When times are scary, it helps to have a guide who knows the way forward. With a possible recession lurking, we reached out to someone who’s weathered multiple recessions.
Paul Achleitner is former chair of Deutsche Bank’s supervisory board, former CFO of financial services giant Allianz, and a former Goldman Sachs partner, and is now a newly minted author with his first book, Accelerate Your Experience, due out August 21.
To help calm possible CFO anxiety, CFO Brew asked Achleitner about the possibility of recession, how a recession now could differ from past ones, and how CFOs need to be prepared.
This interview has been edited for clarity and length.
I’ll just start with the biggie. Do you think we are on the precipice of a recession?

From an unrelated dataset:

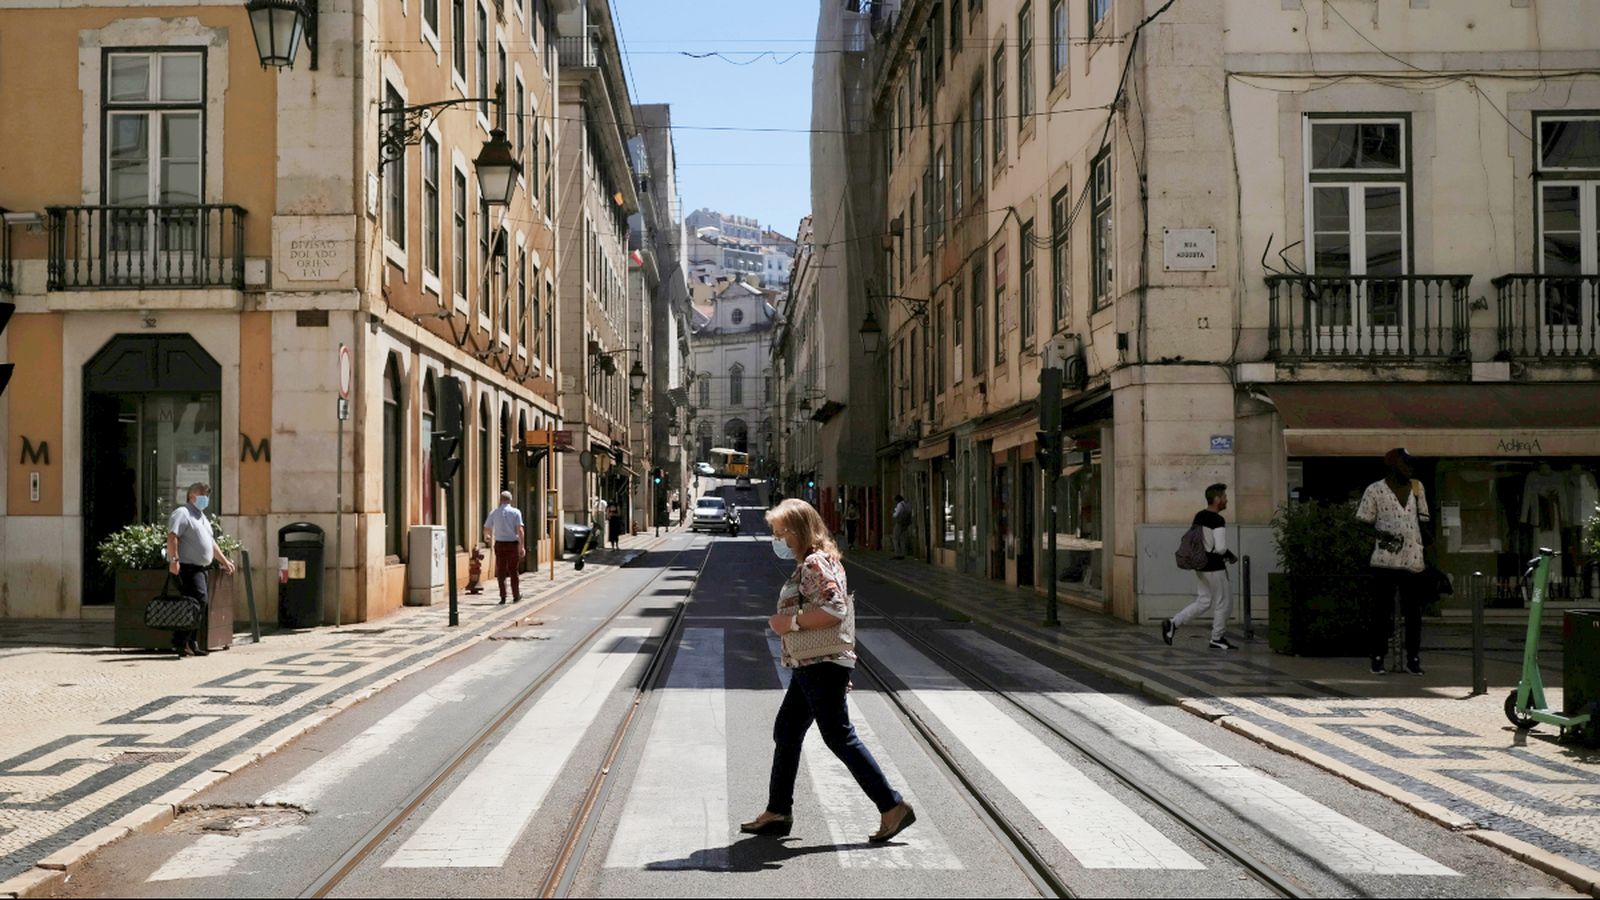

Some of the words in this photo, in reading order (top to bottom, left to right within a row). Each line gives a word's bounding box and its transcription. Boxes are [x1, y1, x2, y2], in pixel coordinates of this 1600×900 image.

We all know recessions do come. The timing of them is always relatively uncertain…If everybody says no, then suddenly something happens. I think the risk that we currently have is the next recession will probably be triggered by a political act. We have an environment where regulatory activities, not just regulatory, but government interventions, are actually the rule rather than the exception. And I think some of those have the potential of triggering a recession. So I wouldn’t want to forecast when that happens, but I would say it’s definitely sure that it will.
What are some similarities between this moment and other pre-recession periods that you’ve experienced?
The similarity could be called what people have called in the past irrational exuberance. I think we are again in a situation where market exuberance exceeds the hardcore realities that we actually are experiencing in terms of hard facts and numbers.
What’s different is we are right now undergoing very deep and very significant structural changes globally, in terms of trade policies, in terms of supply chains, but also in terms of technological innovation and disruption. That is in itself already a huge challenge for business, but in a quote unquote “bullish” market environment, you can actually deal with that easier than in a recessionary environment. So the risk…is that those two are overlapping each other, and that could actually put people into quite severe tests.
What could be different about a new recession compared to others we’ve had in the past?
One is the significant technological disruption that we are currently seeing…The second thing that is going to be different is that we are in a world that’s no longer flat. We are in a world that’s fluid. We have governments that will focus on their domestic audiences and interests. And there is therefore a low likelihood that there will be joint, global, well-coordinated efforts that will deal with global economic issues, which we have had in the past and which have been rather beneficial.
And finally, what’s also different is the ubiquity of social media, which will put an enormous pressure on companies.
Is there something CFOs should be doing differently this time around to prepare?
I would argue, flexibility to react to very different kinds of circumstances. And flexibility to build that into your business model, be it supply chain issues; we’ve learned the criticality of not being reliant on just one or two suppliers during the Covid situation.
I think the question of how to continue to attract talent in a very difficult type of environment will continue to be a very important element that will distinguish those people who get through such a crisis in a better fashion than others.
Strategy is a lot about what not to do, rather than just what to do. And I think focus is something that becomes even more relevant in a recessionary environment, because you can’t afford all the niceties.
We also live in a world where everybody is looking for charismatic leadership, and confuses very often charisma with competence. So one of the jobs that CFOs actually have is to keep people under control and not fall for the seductiveness of narrators, and not just go for convincing stories, but look at facts.